Wednesday, 1 November 2017

The Catalan Crisis Has Become the Catalan Farce



The Catalonian independence crisis has turned into a farce with the leaders who planned the declaration of independence taking refuge in Belgium, of all places, less than a week after they proclaimed Catalonia's freedom.

Let's start from the beginning: pretty much all the countries that have ever declared their independence have done it unilaterally. Countries that haven't tend not have such declarations in their founding documents. Canada, for instance, has the British North America Act, 1867, passed by the parliament in Westminster along with subsequent British legislation. She did not need to proclaim her independence as it was granted by Britain, the colonial ruler.

Countries that issue a declaration of independence do it against the backdrop of a ruling power that can be expected to oppose that declaration. There then follows either a war of independence or at the very least, such a level of civil unrest that it is obvious to all concerned that this is a serious matter that needs to be addressed. The USA became independent as a result of a war and large chunks of the old USSR did it via the second method of popular insurrections on the streets.

Sometimes a country will win and other times it will lose. If the latter happens then a secessionist state has two options. It can do as the Confederate States of America did and accept the defeat with good grace, or it can copy the Irish strategy of trying again and gain down the generations until eventually, the colonial power decides that it has had enough.

What it cannot do is declare its independence and then refuse to defend that declaration. No state is bound to accept the independence of any other state that does not have the means or willingness to defend itself. In the case of a seceding state, nobody will recognise such a state if it shows no willingness to defend its declaration by force of arms.

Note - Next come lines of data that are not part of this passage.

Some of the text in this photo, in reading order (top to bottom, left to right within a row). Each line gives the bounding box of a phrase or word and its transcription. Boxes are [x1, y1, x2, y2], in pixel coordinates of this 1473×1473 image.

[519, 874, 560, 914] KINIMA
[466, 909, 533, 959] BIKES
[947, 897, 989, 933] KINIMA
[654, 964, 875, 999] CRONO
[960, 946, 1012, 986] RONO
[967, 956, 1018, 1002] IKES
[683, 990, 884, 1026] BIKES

Following on from the brutality shown to the Catalans by the Spanish authorities during the country's independence referendum, it was widely expected that following a declaration of independence the population would be busily engaged in building street barricades in Barcelona, filling bottles with petrol and tearing up street cobbles to throw at the incoming Spanish forces. Had Catalonia done that then it is highly likely that more than a few countries would have recognised her as an independent state.  Countries like Venezuela and Bolivia had already been talked about as early recognisers, but even Finnish politicians were discussing it as well, so the numbers could have been quite large.

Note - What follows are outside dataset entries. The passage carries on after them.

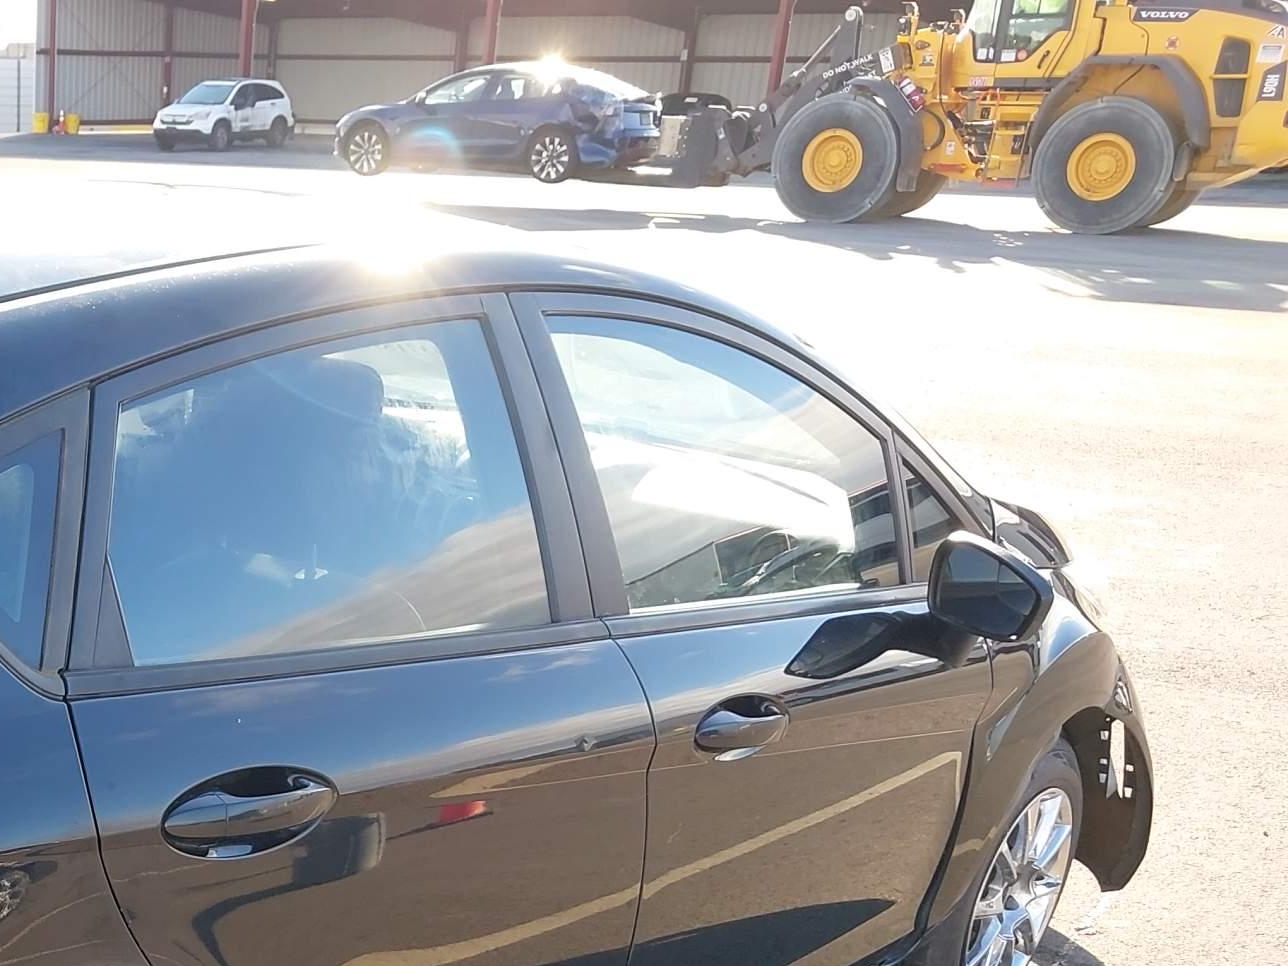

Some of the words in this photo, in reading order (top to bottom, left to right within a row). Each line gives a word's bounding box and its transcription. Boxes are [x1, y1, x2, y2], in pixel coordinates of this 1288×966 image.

[1140, 11, 1189, 19] VOLVO
[822, 69, 835, 79] DO
[834, 61, 851, 75] NOT
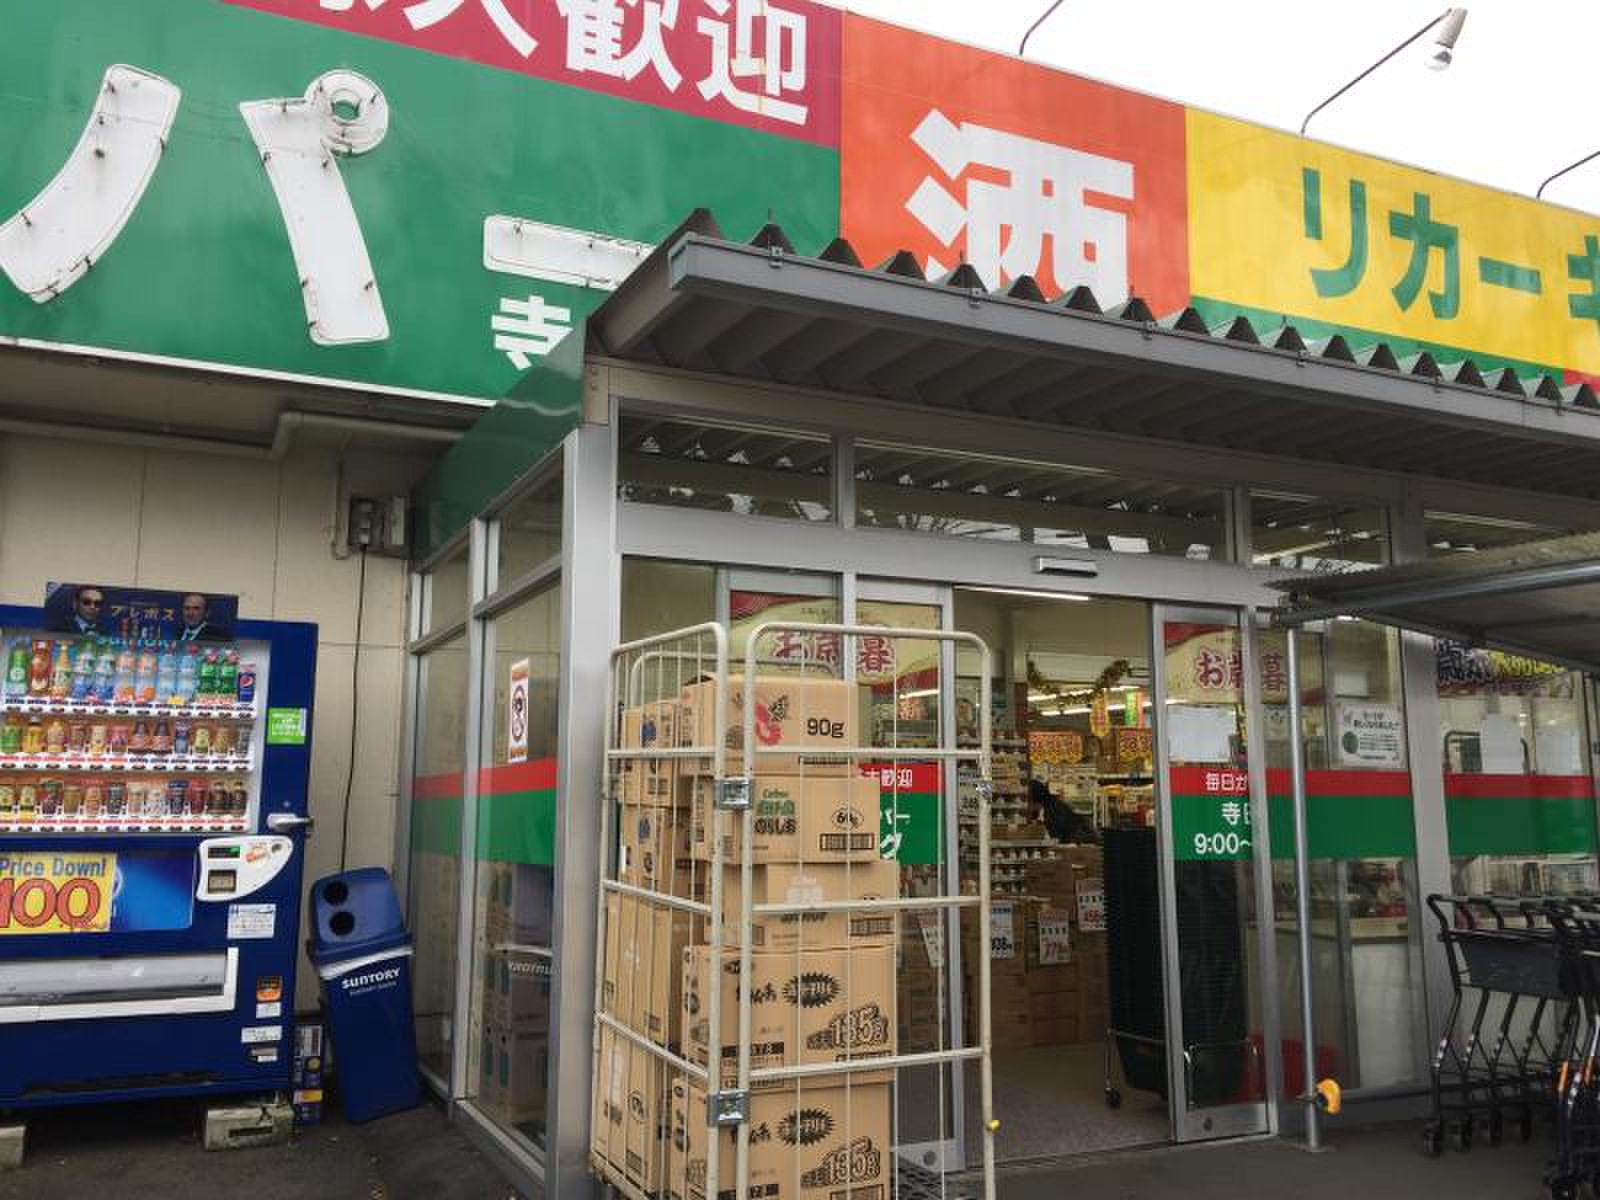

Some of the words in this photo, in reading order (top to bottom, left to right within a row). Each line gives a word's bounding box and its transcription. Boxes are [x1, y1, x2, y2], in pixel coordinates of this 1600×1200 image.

[904, 108, 1135, 312] 酒
[807, 717, 845, 738] 90g
[53, 856, 107, 877] Down!
[341, 966, 401, 990] SUNTORY

That would have given hope to the Catalan population and encouraged the government, presumably by then living in hiding, to begin the creation of an underground army in preparation for taking the conflict to the next level.

Instead, the senior Catalan political figures, including the president, jumped into a fleet of cars and drove to the French border where they took a flight to Brussels. Meanwhile, the Catalan people seem to be blithely going about their business, as the Spanish authorities turn the screw tighter and tighter.

One of the problems that you have in all the Latin countries is a belief that the striking of postures and the making of noise equates in some way to the making of progress. So demonstrations are carried out at the drop of a hat because people genuinely believe that this achieves something. It doesn't, of course, and neither does the sounding of car horns in a traffic jam, but they still do it.

This attitude seems to have been at the core of the recent Catalonian Declaration of Independence, but it was coupled with one other factor which may have doomed the venture from the start.

If you look at the photographs of the people who were cheering the declaration they all seemed to be very well fed and dressed. They looked to me like the same types who demonstrate in Britain against Brexit. That is to say, arseholes with dentures and types like that don't intimidate anyone.

The people who do put the frighteners on governments are the denizens of the barrios, the tough neighbourhoods that we would call estates in English. The toughest of them are called barrios jodidos in Spanish and they are on a par with what is known in Portuguese as the favelas. It looks as if this whole business was carried out from start to finish by the middle class who wanted to strike a  radical pose. Those types who have now received a serious dose of heavy manners from los federales and have run away with their tails between their legs, as you expect the middle class to do when things get rough. Meanwhile, for reasons that are still unclear, the boys in the barrios are completely disengaged from everything that has happened.

The end result of all this is that Calalonia has become an international joke, and nobody in power in Madrid will even pretend to take the views of Catalans into account when decisions are being made.